L’œuvre de Daniel Lesueur est imposante et variée : poésies, pièces de théâtre, romans à thèse, contes et nouvelles, traductions en français d’auteurs anglo-saxons, conférences, contributions et critiques littéraires dans L’Indépendance belge, Le Temps, Le Gaulois et Le Figaro, articles dans La Fronde (1897-1903), dans le magazine Femina (1910-1912) et dans La Renaissance politique, littéraire et artistique (1913-1920).
Si la thématique de ses récits est assez ordinaire (maris trompés, jeunes filles séduites, femmes abandonnées), le traitement est original, avec ses héros déterminés et pleins de vitalité, et aussi (et surtout) une très bonne technique du mélodrame : suspense au cordeau, construction habile, coups de théâtre bien amenés, et souvent (mais pas toujours) happy end.
Vice-présidente de la Société des Gens de Lettres (1908-1909, 1909-1910 et 1913-1914), distinguée par la Légion d’Honneur en 1900, suivie du titre d’officier en 1913, puis par la médaille d’honneur de la Société des Gens de Lettres en 1919 et par la Médaille de la Reconnaissance française (1920), elle fut aussi fondatrice et administratrice d’œuvres philanthropiques au service des réfugiés français et belges des zones envahies par l’ennemi pendant la Première Guerre mondiale, ainsi que du « Denier des veuves de la SGDL » (1913-1921) et de l’« Aide aux Femmes de Combattants » (1914-1919)[1].
C’est en 1908 que parut son roman le plus célèbre, Nietzschéenne, que rééditent aujourd’hui les Éditions Honoré Champion à Ferney-Voltaire.

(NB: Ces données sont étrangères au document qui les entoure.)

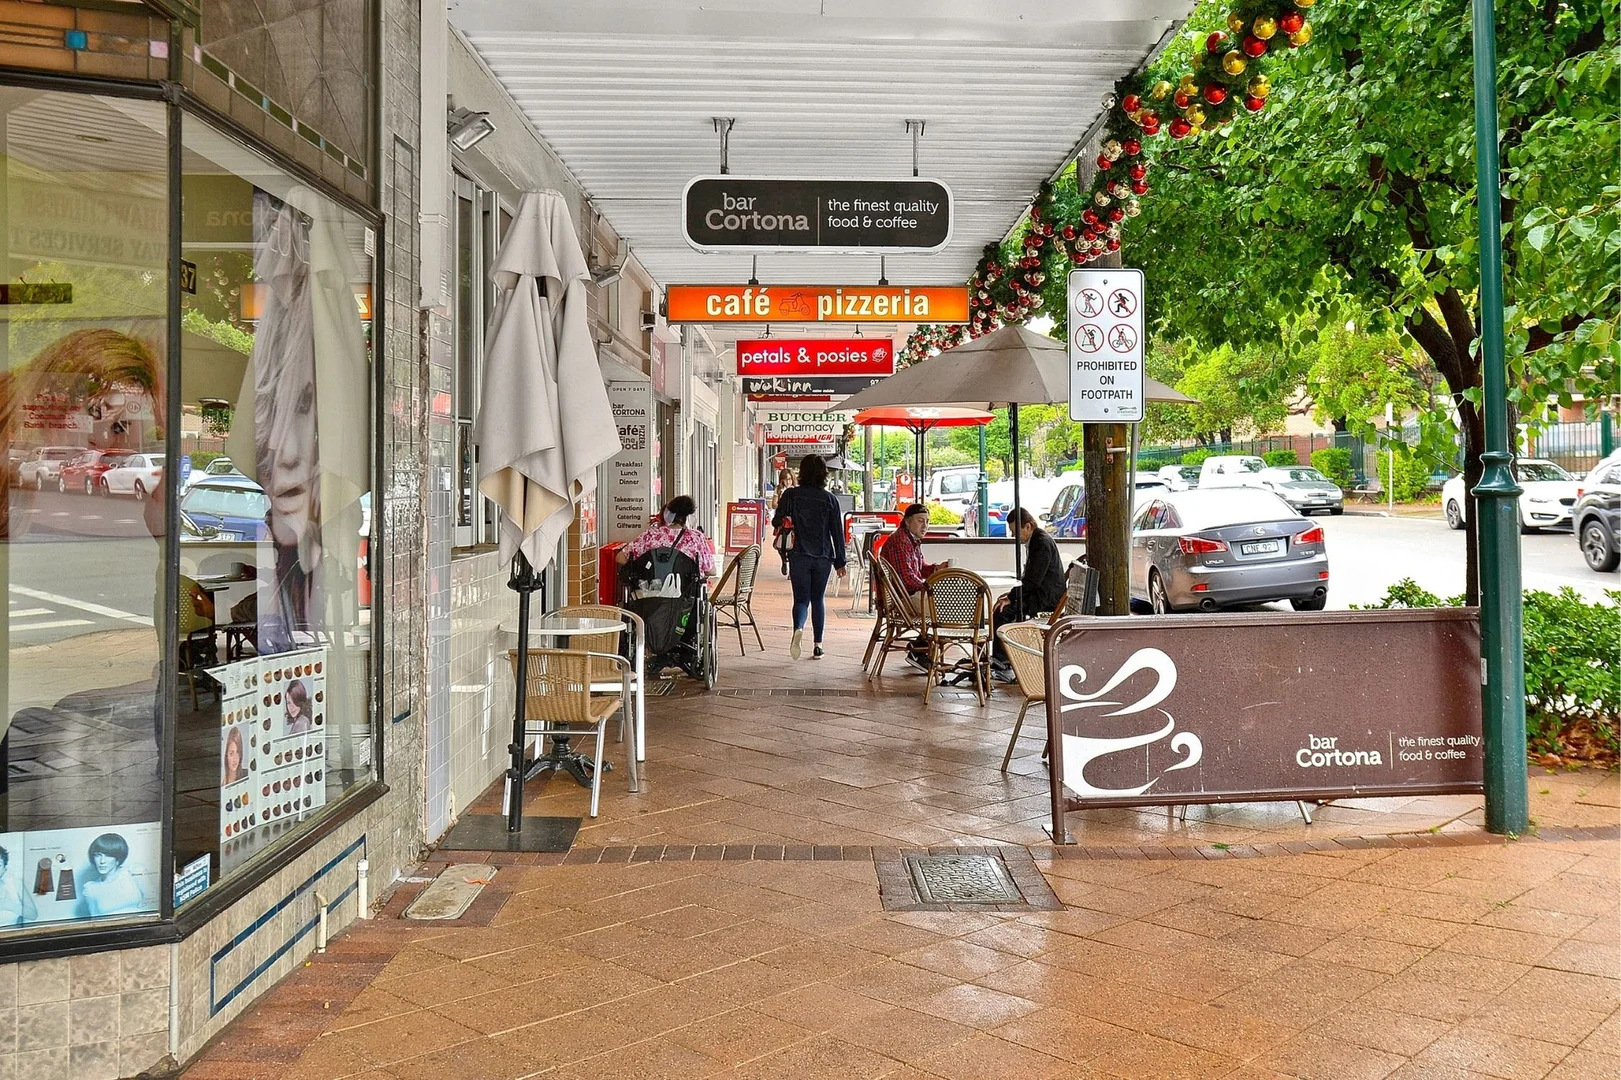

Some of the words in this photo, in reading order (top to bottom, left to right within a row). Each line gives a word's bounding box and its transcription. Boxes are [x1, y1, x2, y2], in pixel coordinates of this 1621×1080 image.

L’autrice y raconte le destin tragique de Jocelyne Monestier, une riche héritière parisienne éclaboussée depuis plusieurs années par le scandale parce qu’elle s’était donnée à son fiancé avant de se voir compromise – faussement – par un maître-chanteur. Le fiancé ayant retiré sa promesse, le frère de Jocelyne l’avait tué en duel et les parents de la jeune femme étaient morts de chagrin.
Pour tenir bon face aux préjugés dont elle est encore victime et pour dominer son amour naissant pour Robert Clérieux, un jeune industriel de l’automobile, marié et père de famille en butte à des actions de grève dans son usine, Jocelyne Monestier s’appuie sur la pensée du philosophe allemand Friedrich Nietzsche (1844-1900) qui lui a appris « à tenir bon » et « à se surmonter et s’élever jusqu’aux plus hautes valeurs » par « son intrépidité et son défi au malheur ».

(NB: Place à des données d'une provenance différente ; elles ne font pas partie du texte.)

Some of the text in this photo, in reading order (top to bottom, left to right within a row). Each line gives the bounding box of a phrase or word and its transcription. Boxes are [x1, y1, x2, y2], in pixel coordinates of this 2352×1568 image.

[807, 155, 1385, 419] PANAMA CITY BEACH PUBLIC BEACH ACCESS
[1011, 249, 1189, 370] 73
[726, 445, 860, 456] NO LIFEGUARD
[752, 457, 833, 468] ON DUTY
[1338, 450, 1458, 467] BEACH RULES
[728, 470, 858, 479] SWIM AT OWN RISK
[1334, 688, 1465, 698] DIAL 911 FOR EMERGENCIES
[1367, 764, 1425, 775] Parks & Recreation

Les idées nietzschéennes, et plus particulièrement sa notion de « volonté de puissance », étaient en vogue chez les féministes françaises de la Belle Epoque, mais bien souvent mal comprises par le public qui n’y voyait que l’expression d’un militarisme prussien déguisé et/ou d’un paganisme férocement individualiste et prônant le chaos.

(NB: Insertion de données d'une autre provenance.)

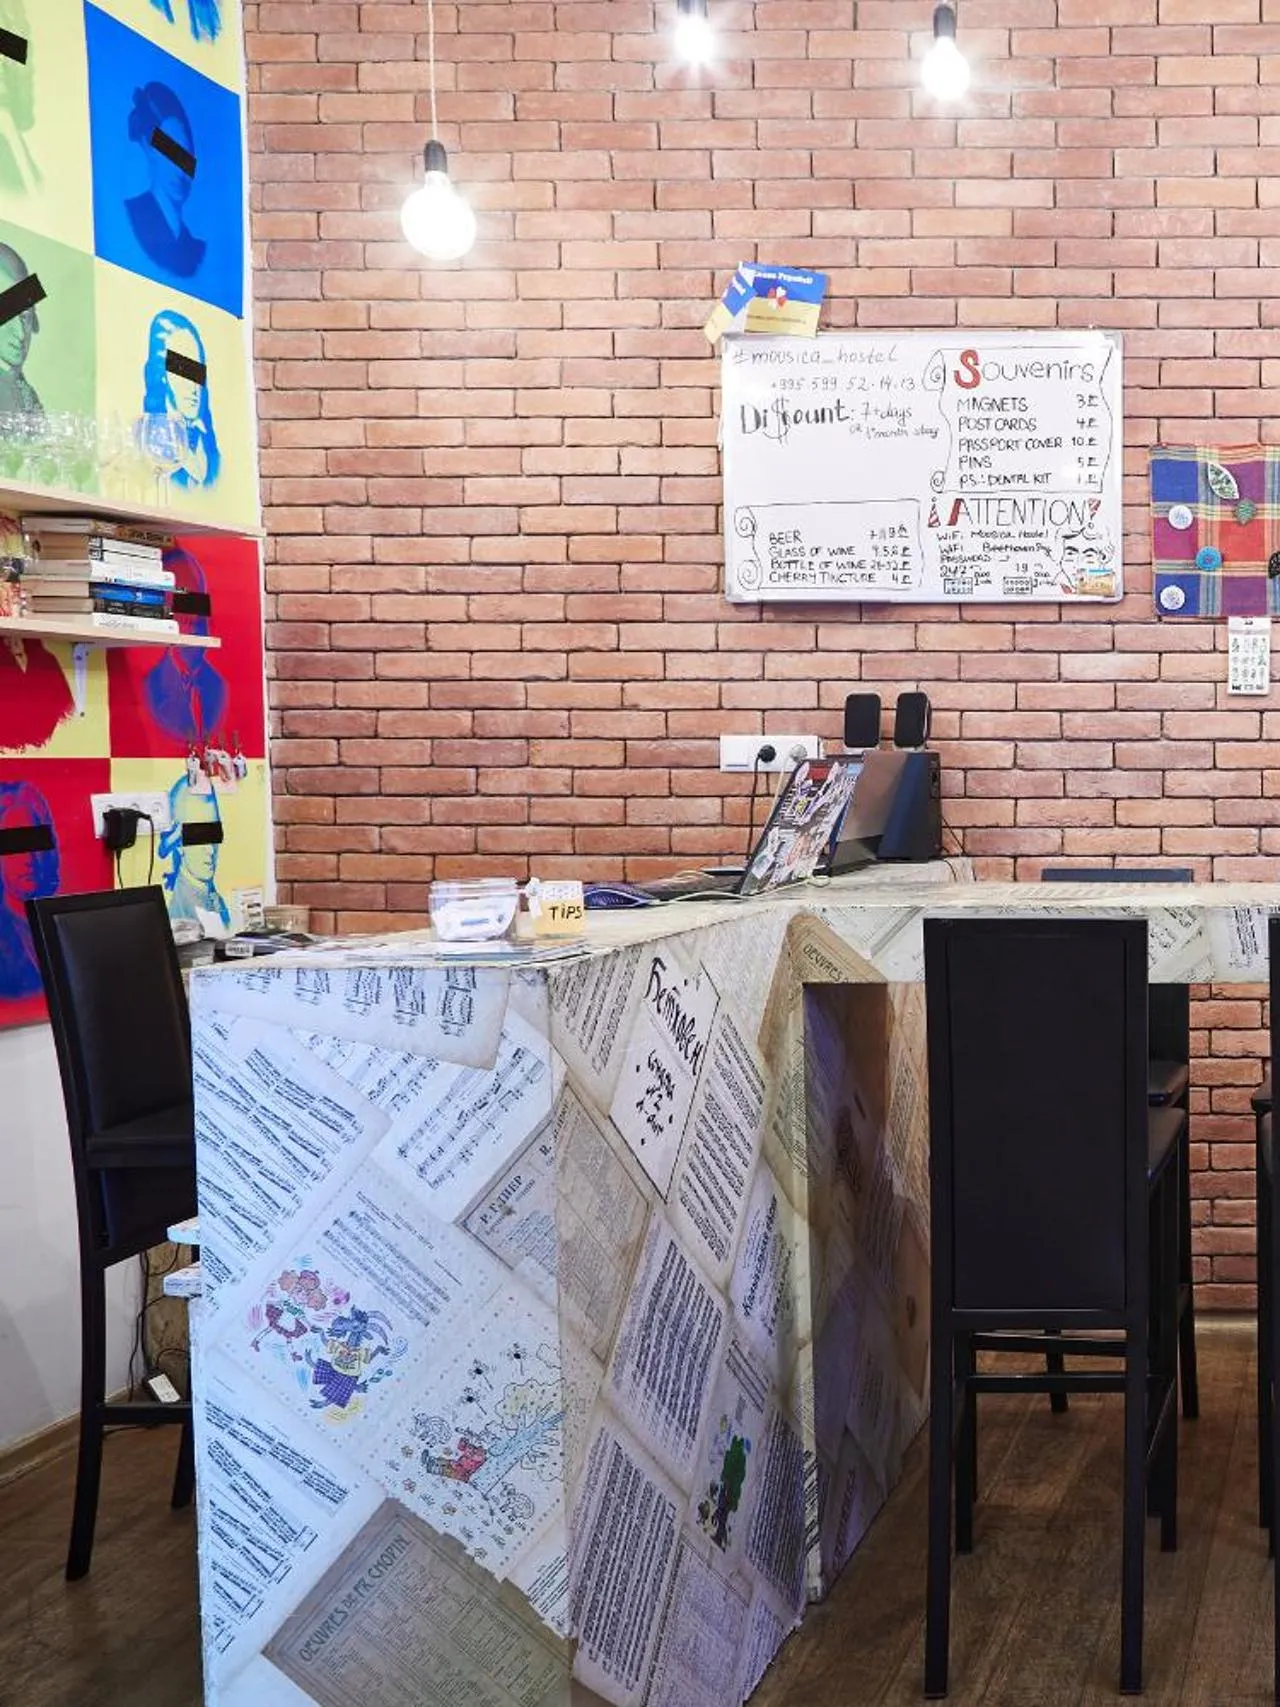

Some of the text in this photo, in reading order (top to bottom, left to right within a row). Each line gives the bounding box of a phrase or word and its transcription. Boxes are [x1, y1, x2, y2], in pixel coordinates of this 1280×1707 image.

[954, 349, 1095, 389] Souvenirs
[957, 397, 1028, 412] MAGNETS
[958, 438, 1023, 453] PASSPORT
[1025, 437, 1062, 451] COVER
[958, 456, 992, 470] PINS
[769, 529, 803, 545] BEER
[769, 546, 806, 558] GLASS
[828, 546, 856, 557] WINE
[770, 559, 815, 570] BOTTLE
[818, 560, 832, 570] OF
[836, 560, 866, 570] WINE
[769, 572, 817, 584] CHERRY

C’est à rectifier le tir que s’emploie subtilement l’autrice, dans son passionnant roman à rebondissements qui accaparent le lecteur…
PÉTRONE
Nietzschéenne par Emile Lesueur, édition établie, préfacée et annotée par Nelly Sanchez, Paris, Éditions Honoré Champion, collection « Champion classiques/Littératures », octobre 2025, 308 pp. en noir et blanc au format 12,5 x 19 cm sous couverture brochée en couleurs, 20 € (prix France)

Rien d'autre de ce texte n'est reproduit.